Directions for this task
Give the data back exactly as it stands.

-- Supplied material follows --

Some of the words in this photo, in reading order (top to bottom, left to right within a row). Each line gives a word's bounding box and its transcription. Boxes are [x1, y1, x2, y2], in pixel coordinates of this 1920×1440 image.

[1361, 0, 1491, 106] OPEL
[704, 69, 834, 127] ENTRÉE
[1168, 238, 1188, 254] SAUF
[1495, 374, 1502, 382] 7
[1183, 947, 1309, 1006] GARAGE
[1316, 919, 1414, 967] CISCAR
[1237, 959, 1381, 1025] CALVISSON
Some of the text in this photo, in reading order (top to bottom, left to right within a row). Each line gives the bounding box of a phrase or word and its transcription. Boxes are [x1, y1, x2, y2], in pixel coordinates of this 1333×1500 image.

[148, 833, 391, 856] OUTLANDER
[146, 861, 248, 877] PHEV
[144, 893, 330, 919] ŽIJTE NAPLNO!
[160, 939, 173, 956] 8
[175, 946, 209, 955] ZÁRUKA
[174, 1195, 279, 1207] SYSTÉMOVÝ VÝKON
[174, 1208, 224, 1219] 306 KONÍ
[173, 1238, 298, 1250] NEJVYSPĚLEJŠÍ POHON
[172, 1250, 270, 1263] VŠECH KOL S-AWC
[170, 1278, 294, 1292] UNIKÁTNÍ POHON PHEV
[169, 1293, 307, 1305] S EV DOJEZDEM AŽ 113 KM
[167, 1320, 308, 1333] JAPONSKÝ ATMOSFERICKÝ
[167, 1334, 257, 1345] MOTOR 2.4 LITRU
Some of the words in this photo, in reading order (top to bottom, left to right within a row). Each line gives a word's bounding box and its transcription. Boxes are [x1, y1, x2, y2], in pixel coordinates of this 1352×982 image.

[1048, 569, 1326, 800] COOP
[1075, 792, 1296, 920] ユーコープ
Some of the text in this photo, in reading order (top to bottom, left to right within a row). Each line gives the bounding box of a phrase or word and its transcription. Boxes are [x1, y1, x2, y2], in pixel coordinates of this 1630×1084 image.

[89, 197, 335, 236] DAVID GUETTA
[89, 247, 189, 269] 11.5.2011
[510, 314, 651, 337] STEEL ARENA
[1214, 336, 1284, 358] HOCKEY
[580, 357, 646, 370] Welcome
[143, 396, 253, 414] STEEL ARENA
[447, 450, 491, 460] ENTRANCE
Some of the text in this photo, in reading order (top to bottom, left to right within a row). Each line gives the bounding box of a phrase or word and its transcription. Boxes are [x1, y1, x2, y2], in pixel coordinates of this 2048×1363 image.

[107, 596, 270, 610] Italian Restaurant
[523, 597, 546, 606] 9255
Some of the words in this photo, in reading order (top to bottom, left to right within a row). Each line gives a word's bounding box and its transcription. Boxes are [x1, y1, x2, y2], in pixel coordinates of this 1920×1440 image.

-- Supplied material concluded --

Output for this exercise
Some of the words in this photo, in reading order (top to bottom, left to right within a row). Each line gives a word's bounding box and its transcription. Boxes are [x1, y1, x2, y2], in pixel coordinates of this 1920×1440 image.

[1361, 0, 1491, 106] OPEL
[704, 69, 834, 127] ENTRÉE
[1168, 238, 1188, 254] SAUF
[1495, 374, 1502, 382] 7
[1183, 947, 1309, 1006] GARAGE
[1316, 919, 1414, 967] CISCAR
[1237, 959, 1381, 1025] CALVISSON
Some of the text in this photo, in reading order (top to bottom, left to right within a row). Each line gives the bounding box of a phrase or word and its transcription. Boxes are [x1, y1, x2, y2], in pixel coordinates of this 1333×1500 image.

[148, 833, 391, 856] OUTLANDER
[146, 861, 248, 877] PHEV
[144, 893, 330, 919] ŽIJTE NAPLNO!
[160, 939, 173, 956] 8
[175, 946, 209, 955] ZÁRUKA
[174, 1195, 279, 1207] SYSTÉMOVÝ VÝKON
[174, 1208, 224, 1219] 306 KONÍ
[173, 1238, 298, 1250] NEJVYSPĚLEJŠÍ POHON
[172, 1250, 270, 1263] VŠECH KOL S-AWC
[170, 1278, 294, 1292] UNIKÁTNÍ POHON PHEV
[169, 1293, 307, 1305] S EV DOJEZDEM AŽ 113 KM
[167, 1320, 308, 1333] JAPONSKÝ ATMOSFERICKÝ
[167, 1334, 257, 1345] MOTOR 2.4 LITRU
Some of the words in this photo, in reading order (top to bottom, left to right within a row). Each line gives a word's bounding box and its transcription. Boxes are [x1, y1, x2, y2], in pixel coordinates of this 1352×982 image.

[1048, 569, 1326, 800] COOP
[1075, 792, 1296, 920] ユーコープ
Some of the text in this photo, in reading order (top to bottom, left to right within a row). Each line gives the bounding box of a phrase or word and its transcription. Boxes are [x1, y1, x2, y2], in pixel coordinates of this 1630×1084 image.

[89, 197, 335, 236] DAVID GUETTA
[89, 247, 189, 269] 11.5.2011
[510, 314, 651, 337] STEEL ARENA
[1214, 336, 1284, 358] HOCKEY
[580, 357, 646, 370] Welcome
[143, 396, 253, 414] STEEL ARENA
[447, 450, 491, 460] ENTRANCE
Some of the text in this photo, in reading order (top to bottom, left to right within a row). Each line gives the bounding box of a phrase or word and its transcription. Boxes are [x1, y1, x2, y2], in pixel coordinates of this 2048×1363 image.

[107, 596, 270, 610] Italian Restaurant
[523, 597, 546, 606] 9255
Some of the words in this photo, in reading order (top to bottom, left to right within a row). Each line gives a word's bounding box and its transcription. Boxes are [x1, y1, x2, y2], in pixel coordinates of this 1920×1440 image.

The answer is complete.